The two-component model leads to a reasonable amount of variance explained in the first two components 3x FLAG mw, given that the data matrix has 249 columns. Some structure seems to be visible, especially along the first axis. 

11.1.2 Single Imputation We already discussed that the method in the previous section assumes an MCAR regime which is unlikely for the current situation. Rather, we expect most of the values to be missing because of low concentrations. Replacing NA values with the smallest number in the column would therefore seem a more sensible idea: > X.ara.imput1 <- + apply(X.ara, 2, + function(x) + x[is.na(x)] <- min(x, na.rm = TRUE) + x + ) 

It is easy to check that the number of NAs after imputation is zero. Now that we have completed our matrix we can proceed using the standard PCA approach. Note that we perform autoscaling only after having done the imputation: obviously, the imputed values will affect column means and standard deviations. The resulting scoreplot is shown in the middle panel of Fig. 11.2: > ara.PCA.minimputation <- PCA(scale(log(X.ara.imput1))) 

We see the same structure with two or three clusters as in the previous case, but now rotated by something like 45◦. The percentage of variance explained by the first PC in particular is much higher than in the case ignoring the missing values altogether. 

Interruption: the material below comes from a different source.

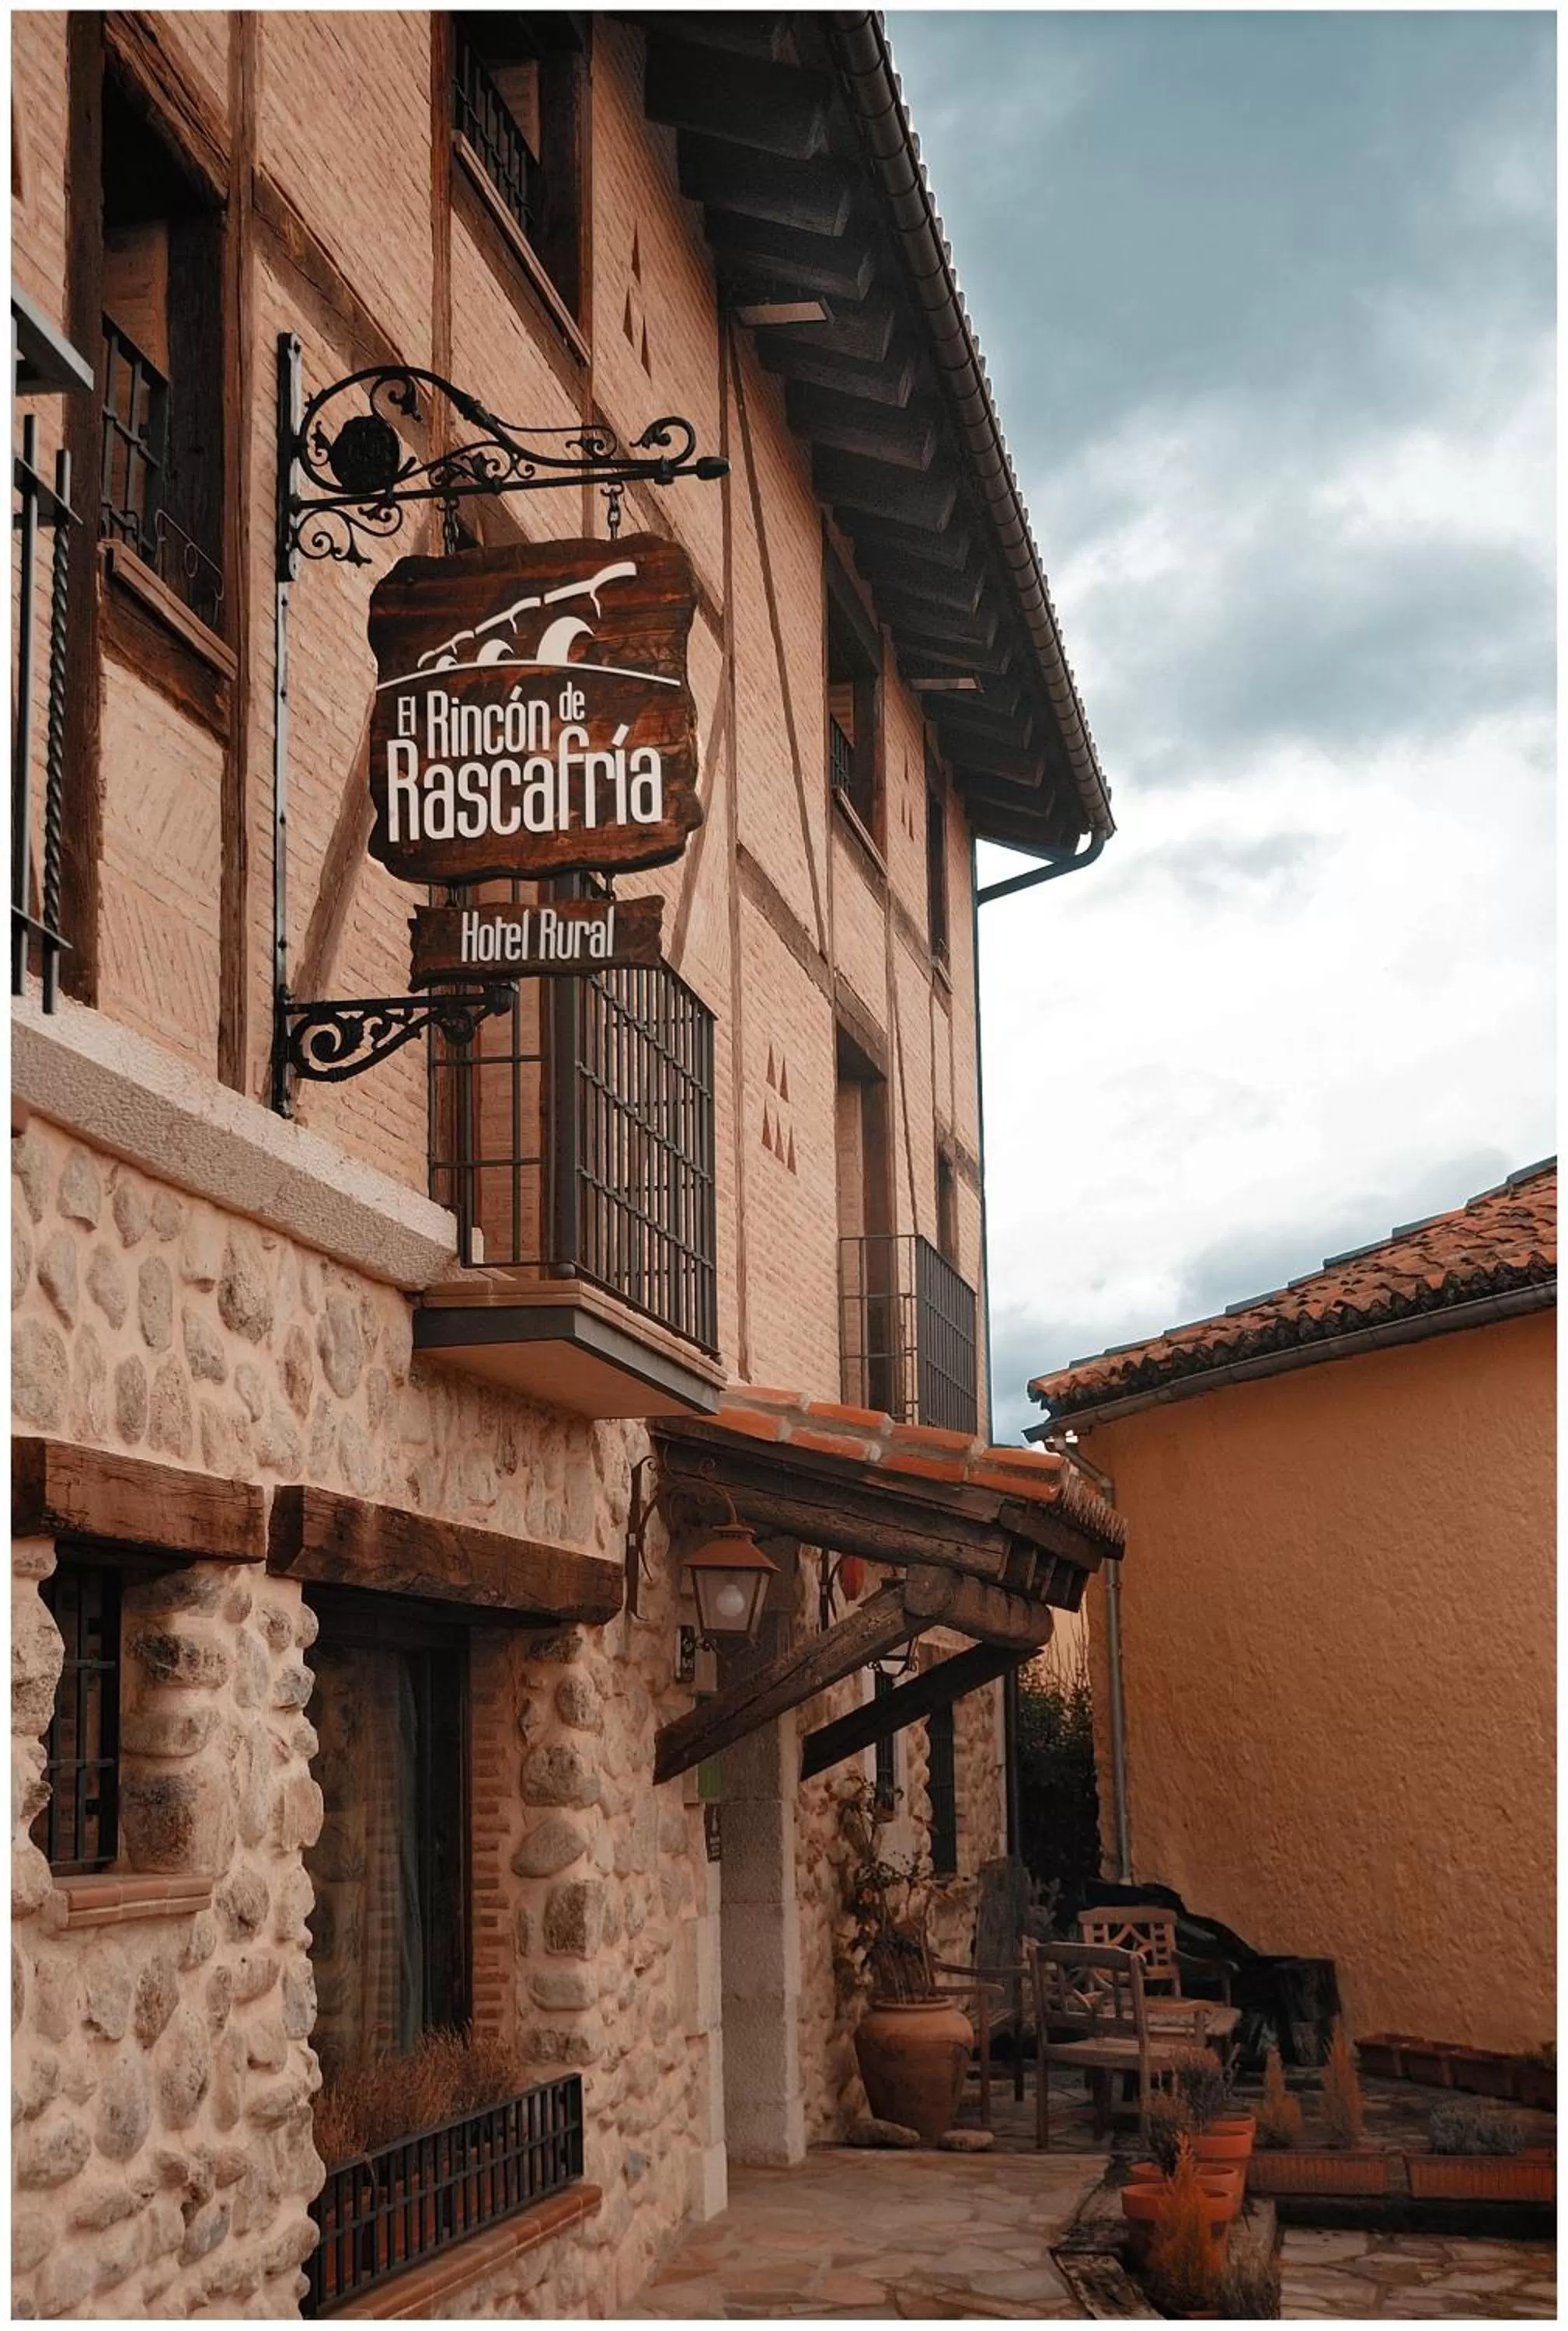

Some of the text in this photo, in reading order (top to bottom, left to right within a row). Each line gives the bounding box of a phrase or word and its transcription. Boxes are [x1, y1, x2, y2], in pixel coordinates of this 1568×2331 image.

[398, 681, 585, 759] El Rincón de
[387, 723, 664, 842] Rascafría
[461, 905, 615, 962] Hotel Rural

Interestingly, a more elaborate version of single imputation can be done by PCA methods. One would start with imputing random values, perform a PCA, and reconstructing the values at the locations of the NAs with the values predicted by PCA. This process iterates until some convergence threshold is met. In this way, correlation structure is taken into account. Note that the number of PCs is again a parameter that needs to be set: in this case, models with two PCs are no longer subsets of models with more PCs, so one has to explicitly calculate the results for all dimensionalities. One function implementing this is imputePCA from the missMDA package (Josse and Husson 2016). Let’s see how things go when we use two dimensions: > X.ara.pcaimput <- imputePCA(X.ara.l, ncp = 2)$completeObs The PCA scoreplot based on the PCA imputation is shown in the right panel of Fig. 11.2: > ara.PCA.pcaimputation <- PCA(scale(X.ara.pcaimput)) It is very similar to the one obtained by imputing the missing values with column minima. 

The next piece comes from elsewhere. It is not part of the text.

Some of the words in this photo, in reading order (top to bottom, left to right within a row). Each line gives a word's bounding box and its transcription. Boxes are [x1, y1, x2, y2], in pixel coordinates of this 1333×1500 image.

In the PCA-based imputation we have used log-scaled data, under the assumption that the data after log-transformation are perhaps a little bit more regular—in the other case that did not matter since we were taking the smallest value for each column. A very natural question is: what are the imputed values? Figure 11.3 shows the histograms. It is clear that the PCA-imputed values cover a much wider range than the column minima. Still, they are at the lower end of the data range.